Source data
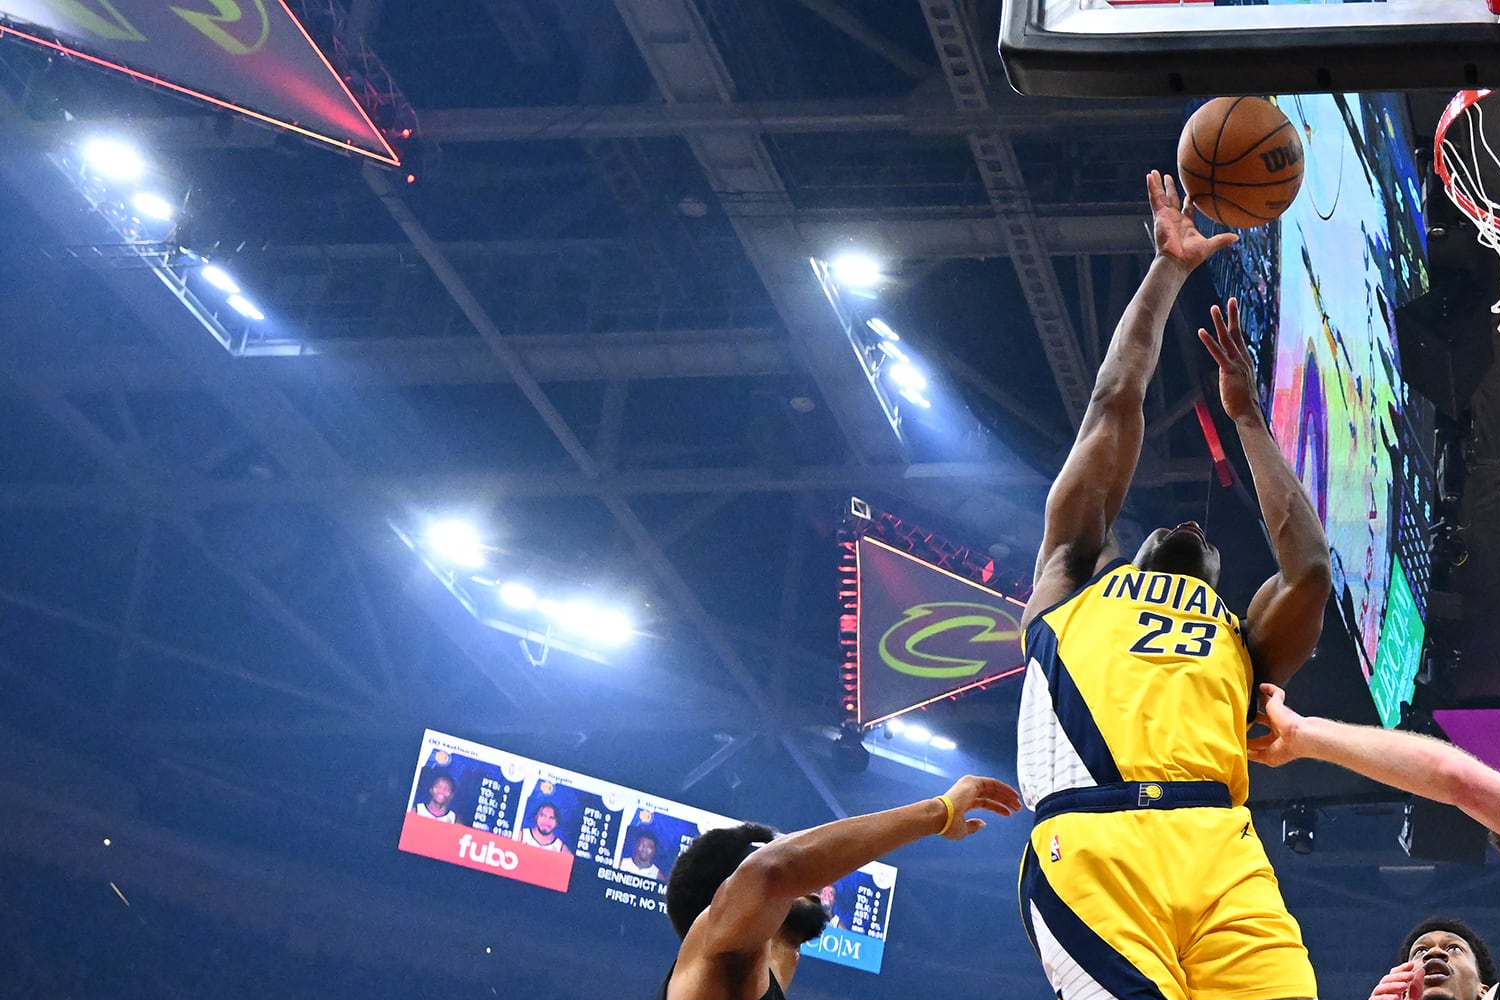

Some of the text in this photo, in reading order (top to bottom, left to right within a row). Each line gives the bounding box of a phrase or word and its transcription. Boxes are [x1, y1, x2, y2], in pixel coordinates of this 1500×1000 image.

[1102, 571, 1234, 625] INDIAN
[1129, 611, 1218, 658] 23
[458, 834, 519, 871] fubo
[597, 867, 657, 892] BENNEDICT
[605, 888, 637, 907] FIRST,
[639, 897, 656, 911] NO

**About this task:** Omit the pictures and restate the rest of the records verbatim.

**Solution below:**
Some of the text in this photo, in reading order (top to bottom, left to right within a row). Each line gives the bounding box of a phrase or word and its transcription. Boxes are [x1, y1, x2, y2], in pixel coordinates of this 1500×1000 image.

[1102, 571, 1234, 625] INDIAN
[1129, 611, 1218, 658] 23
[458, 834, 519, 871] fubo
[597, 867, 657, 892] BENNEDICT
[605, 888, 637, 907] FIRST,
[639, 897, 656, 911] NO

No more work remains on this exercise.